In this incident, Bebe King, 6, and Elsie Dot Stancombe, 7, were seriously injured and died inside the building, police said. Alice da Silva Aguiar, 9, ran outside with other children but soon collapsed. He was rushed to the hospital and died the next day. Eight other children and two adults were injured in the attack.
Since Mr. Rudakubana, who pleaded guilty on Monday, has emerged as a violent teenager, having been on the radar of local authorities for years before the knife attack on July 29 in Southport, the city. north of Liverpool.
After the attack, Britain was rocked by a series of riots as anonymous information about the attacker’s identity spread on social media and messaging apps.
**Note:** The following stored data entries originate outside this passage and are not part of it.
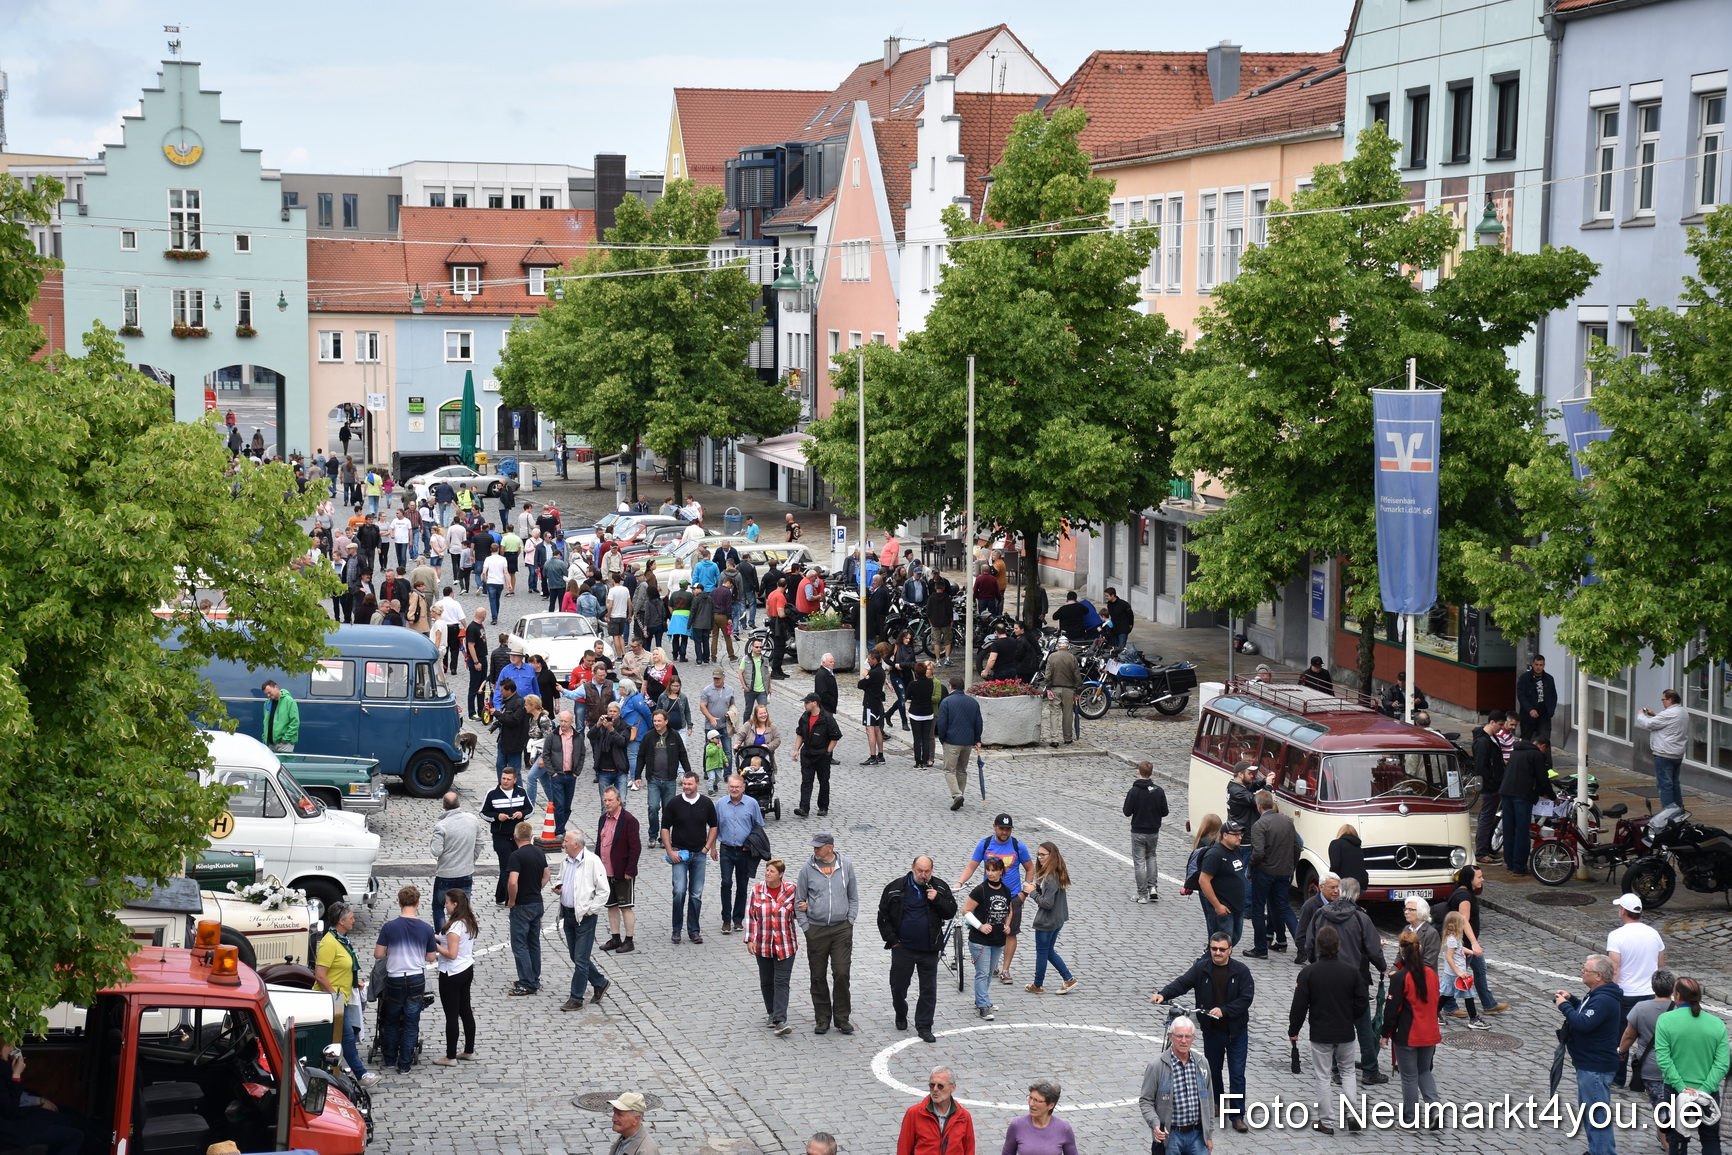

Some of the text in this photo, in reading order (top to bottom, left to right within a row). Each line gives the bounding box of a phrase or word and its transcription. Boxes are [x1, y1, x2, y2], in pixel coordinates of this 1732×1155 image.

[513, 414, 519, 426] P
[1423, 507, 1432, 515] eG
[838, 530, 844, 538] P
[213, 817, 227, 833] H
[249, 914, 287, 927] Hochzeits
[273, 921, 300, 929] Kutsche
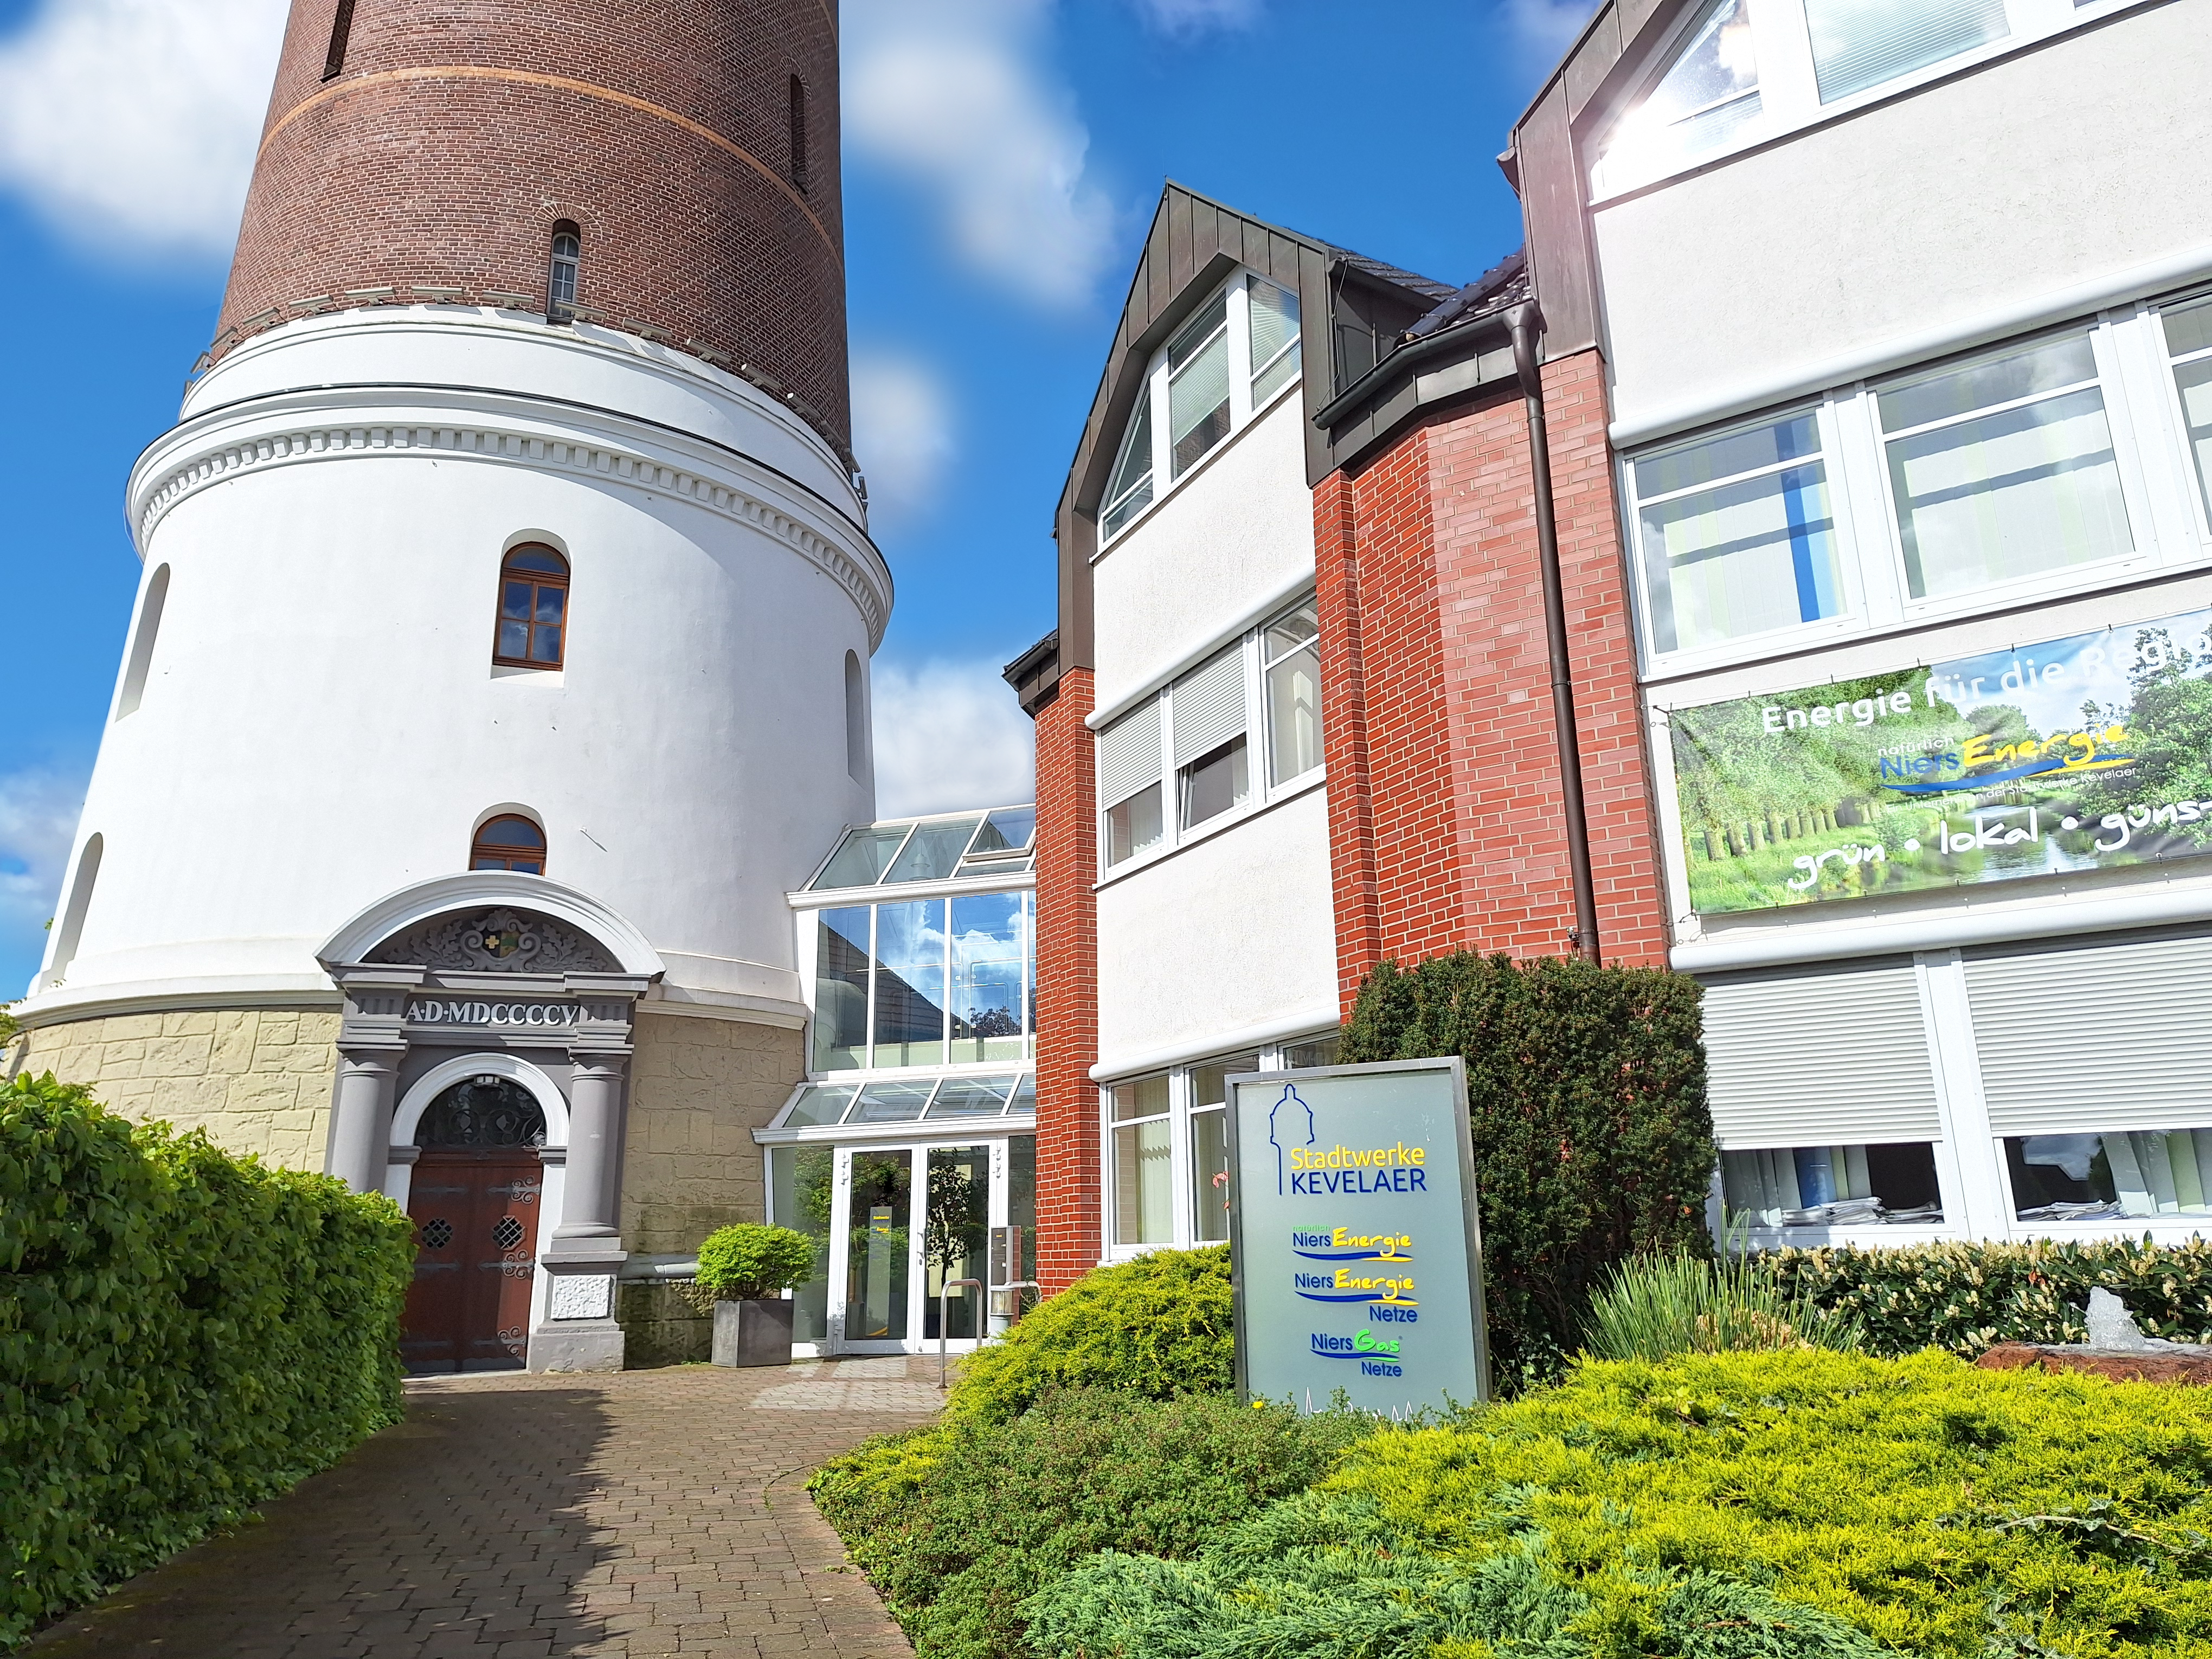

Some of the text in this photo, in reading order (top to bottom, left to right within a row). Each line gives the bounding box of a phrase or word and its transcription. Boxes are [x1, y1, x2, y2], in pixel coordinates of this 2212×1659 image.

[1761, 688, 1912, 734] Energie
[1925, 673, 1985, 708] für
[2001, 658, 2066, 692] die
[1877, 736, 1955, 756] natürlich
[1886, 803, 1902, 814] Ein
[1986, 788, 2007, 799] der
[2008, 777, 2078, 795] Stadtwerke
[2081, 768, 2138, 783] Kevelaer
[1787, 800, 2212, 890] grün lokal güns
[1290, 1141, 1425, 1170] Stadtwerke
[1291, 1168, 1427, 1194] KEVELAER
[1292, 1224, 1330, 1232] natürlich
[1369, 1305, 1418, 1323] Netze
[1361, 1361, 1403, 1377] Netze
False claims that you are an undocumented immigrant or a newly arrived asylum seeker are being promoted by right-wing activists. Mr. Rudakubana is a British citizen who was born in Wales to Rwandan parents.
There is no evidence that he is affiliated with any political or religious ideology, police and prosecutors said.
At the age of 13 and 14, he was sent three times to Prevent, the British counter-terrorism program, for violence rehabilitation, but those referrals were eventually dropped because it was determined each time that he did not meet the threshold for intervention.
Prime Minister Keir Starmer said in Downing Street on Tuesday that the attack was a sign that terrorism in the country was emerging, and that young people were being victimized by a “wave of violence that is freely available on the Internet.”
“We’re also seeing acts of extreme violence by lone individuals, misfits, young men in their bedrooms, accessing all sorts of things on the internet, looking to be disappointed,” said Mr. because of it.”
Mr. Rudakubana was also convicted of the weapons charge of possessing a knife used in an attack, producing biological poison and “having information” which is defined as “of the kind that may be useful to a person who commits or prepares a certain act.” of terrorism” after investigators found ricin, a deadly poison, and a PDF file titled “Military Studies in the Jihad Against the Tyrants: The Al Qaeda Training Manual” in his home.
The judge cannot sentence him to life in prison without parole, because he was 17 years old when he was attacked.
In 2019, Mr. Rudakubana was expelled after bringing a knife to school and a few months later he returned to attack a student with a hockey stick. He was then enrolled in a school for children with special needs.
He had been withdrawn from his family and community long before the attack, until he left home.
A week before the attack, Mr. Rudakubana tried to go to his high school, the police said, but his father ran out of the house and begged the taxi driver not to take him. Finally, the young man returned to the house.
This case has raised questions about how it is possible that the authorities lost the opportunity to stop the violence before it started. The government said it will conduct a public inquiry into the case to better understand what happened and what needs to be changed. But the case also highlighted the issue of young people primed for extreme violence accessing online images and messages that fuel that addiction.